Ola is a journalist for a feminist magazine and is set to marry her longtime boyfriend Michael who has just landed a PR job at a coveted company. Together, they have amassed plenty of followers on their social media and became known as the Black "It" couple throughout London's social circles, but they are about to learn how this fame would backfire when ‘The List’ is published on Twitter. Anonymously crowdsourced, The List reveals the names of well-known men accused of various things, from homophobia to abuse. Less than a month away from their wedding, Ola discovers that Michael’s name has been put on the list as an alleged abuser. When her boss insists that she covers the story of The List for their magazine, Ola has to find out if the allegations are true while people on social media are out for blood to crucify the people on The List.

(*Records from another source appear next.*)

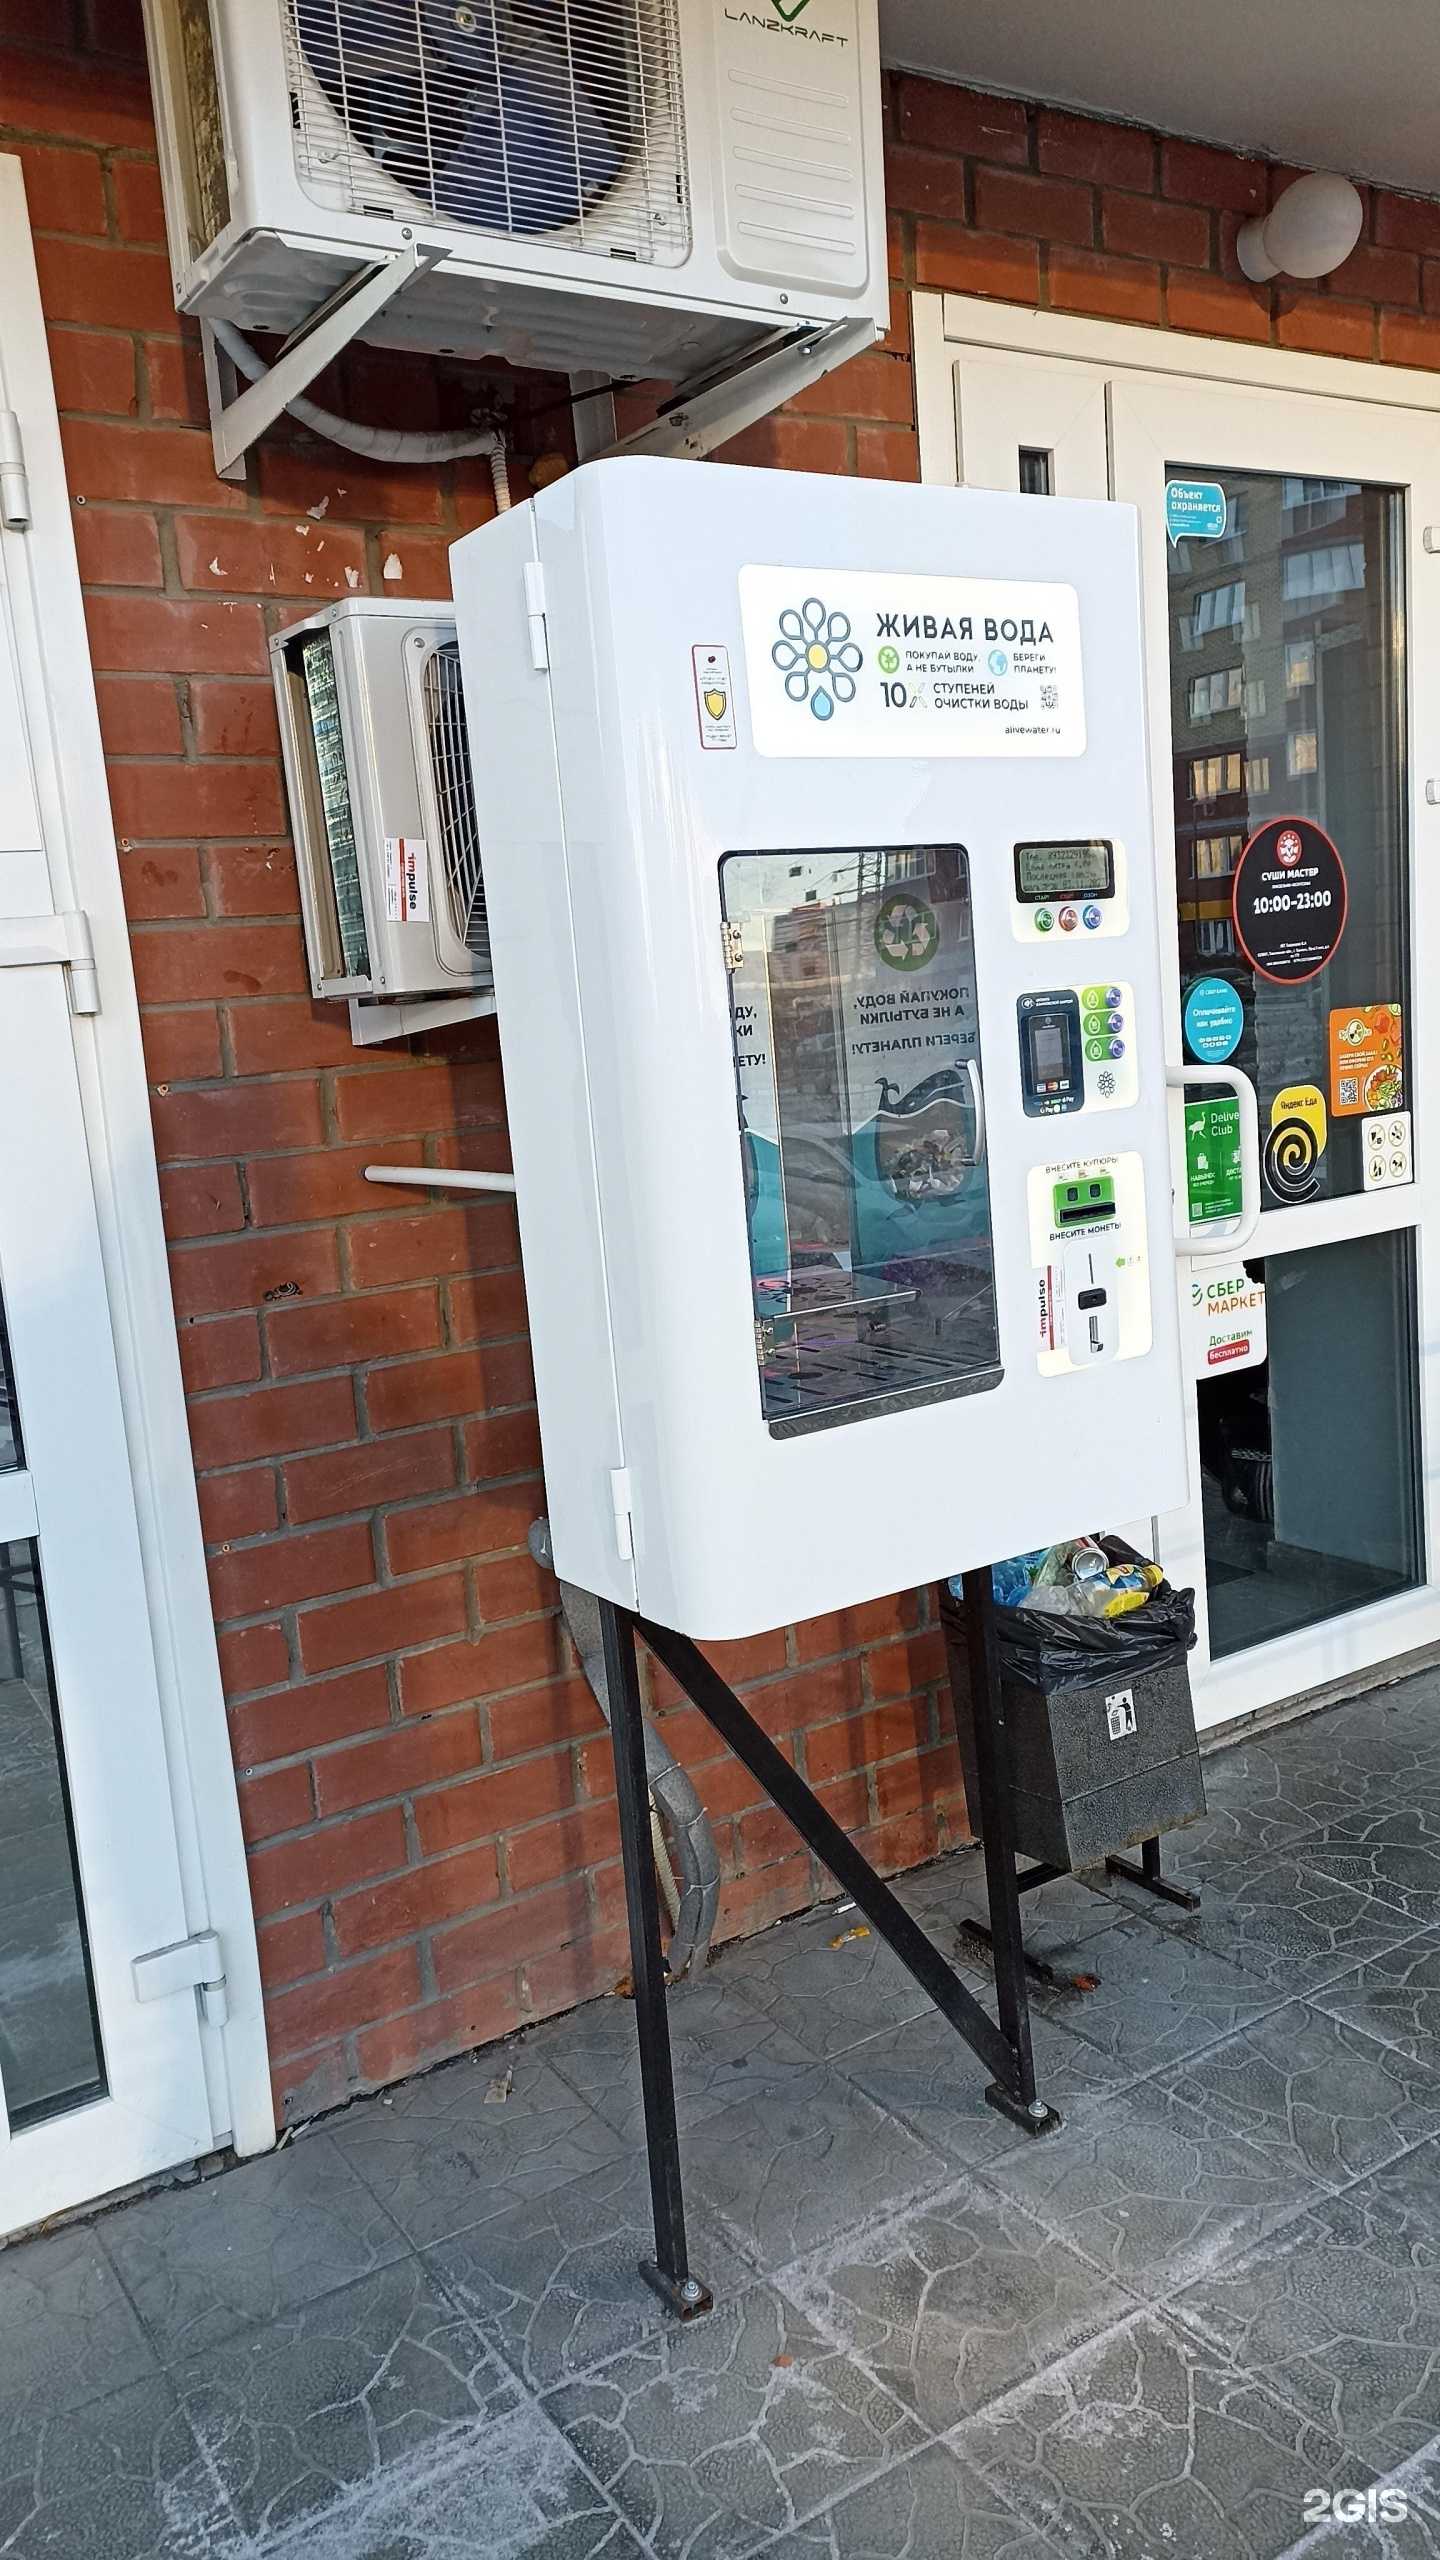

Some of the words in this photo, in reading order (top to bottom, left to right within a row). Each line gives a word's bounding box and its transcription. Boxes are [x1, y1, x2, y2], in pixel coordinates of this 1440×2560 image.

[1170, 487, 1203, 500] Объект
[1171, 501, 1221, 513] охраняется
[876, 612, 974, 641] ЖИВАЯ
[984, 617, 1054, 647] ВОДА
[905, 650, 951, 661] ПОКУПАЙ
[1013, 652, 1046, 662] БЕРЕГИ
[906, 663, 913, 672] А
[915, 664, 927, 673] НЕ
[930, 664, 974, 674] БУТЫЛКИ
[932, 681, 996, 695] СТУПЕНЕЙ
[934, 697, 991, 710] ОЧИСТКИ
[994, 698, 1029, 712] ВОДЫ
[405, 852, 418, 910] impulse
[1261, 870, 1286, 882] СУШИ
[1287, 867, 1319, 880] МАСТЕР
[1253, 890, 1332, 915] 10:00-23:00
[735, 1006, 757, 1020] ДУ,
[737, 1053, 766, 1068] ЕТУ!
[1280, 1099, 1303, 1110] Яндекс
[1305, 1097, 1318, 1107] Еда
[1210, 1110, 1240, 1124] Delive
[1211, 1124, 1234, 1137] Club
[1045, 1161, 1081, 1174] ВНЕСИТЕ
[1083, 1157, 1119, 1168] КУПЮРЫ
[1049, 1228, 1086, 1241] ВНЕСИТЕ
[1087, 1221, 1122, 1234] МОНЕТЫ
[1206, 1278, 1246, 1299] СБЕР
[1207, 1290, 1266, 1317] МАРКЕТ
[1209, 1329, 1253, 1346] Доставим
[1209, 1344, 1249, 1360] бесплатно
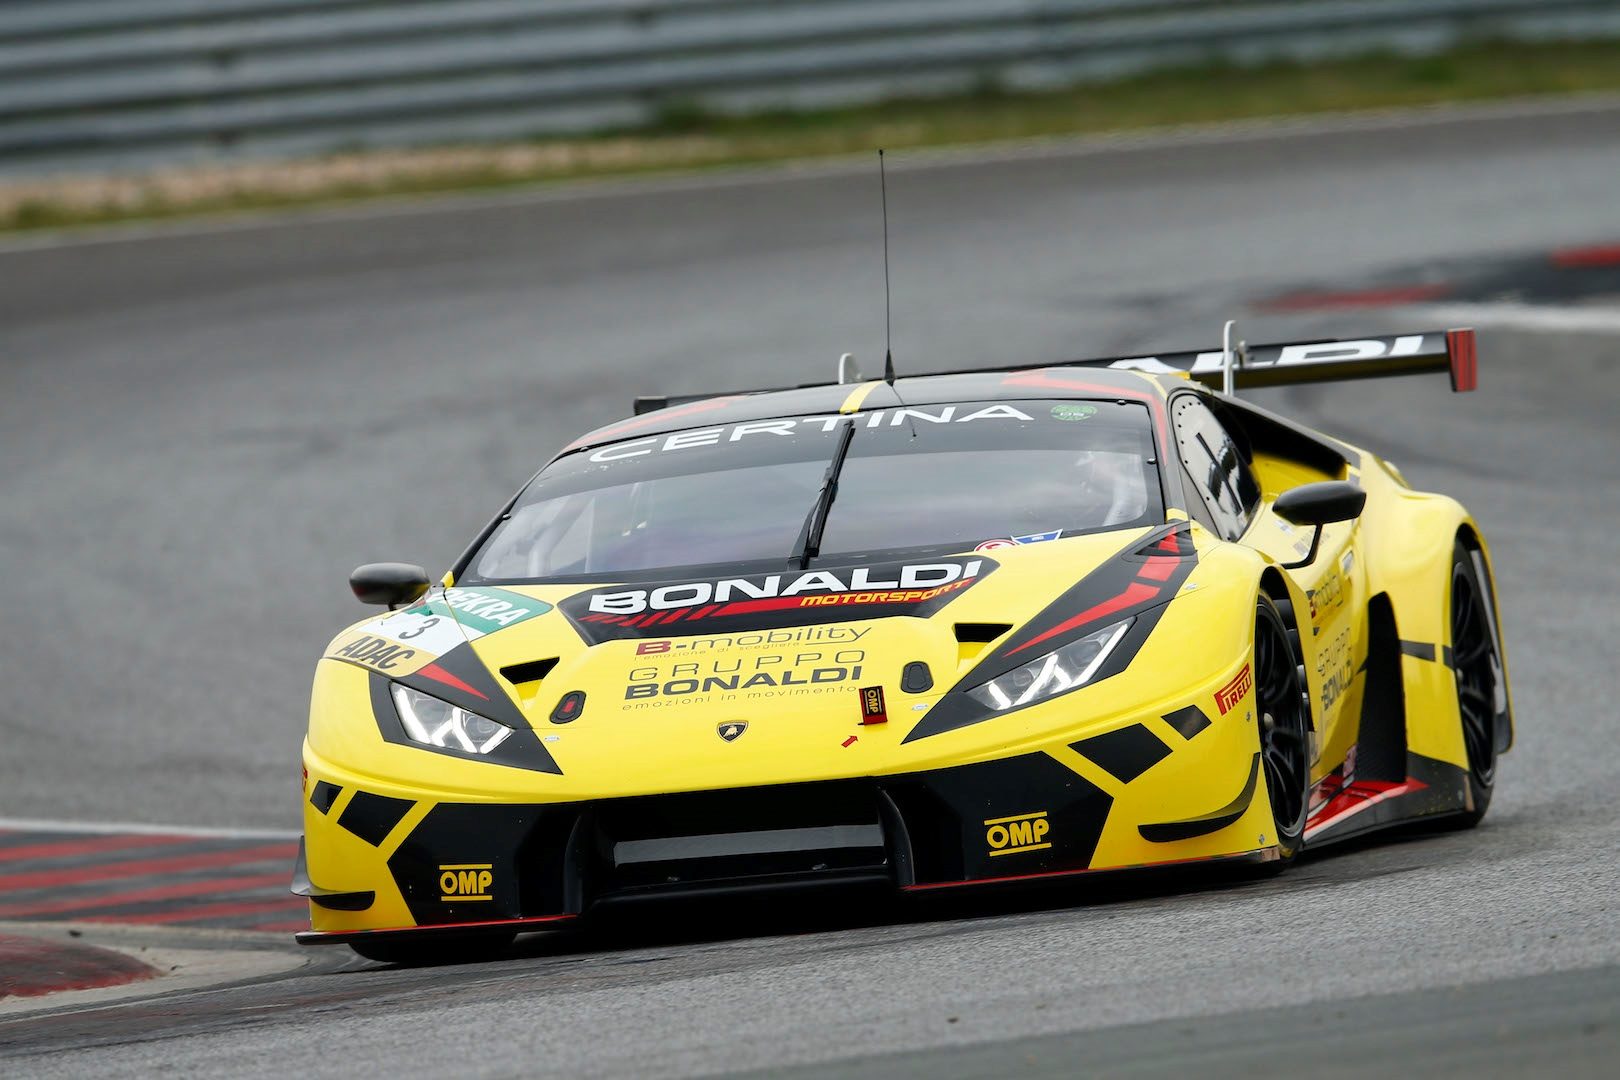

My thoughts on this book is as cluttered as the novel itself. “The List” tries to juggle so many themes, and though the author manages to pull it off, there’s still room for improvement. The dual narrative from Ola’s POV to Michael’s can be a bit jarring, especially when one POV acts as a recap to give us a glimpse into what both characters felt of the entire situation. However, I appreciate how Adegoke represents both viewpoints. Ola’s feelings of betrayal and the dichotomy between how Ola-the-feminist would react to the allegations vs. how Ola-the-alleged-abuser’s-fiancée actually behaved are believably portrayed, while Michael’s slow descend into depression as he grapples with the accusations from an anonymous woman who seemed to be spreading lies about him as well as the anonymous keyboard warriors behind Twitter et al is so hard to read about. Michael’s POV was especially valuable to see how the toxicity of the cancel culture can have devastating consequences for the people who are targeted by it (and well do I know of twtr’s toxicity & how its mentality sucks you into an echo chamber, so much so that I’ve deleted the app).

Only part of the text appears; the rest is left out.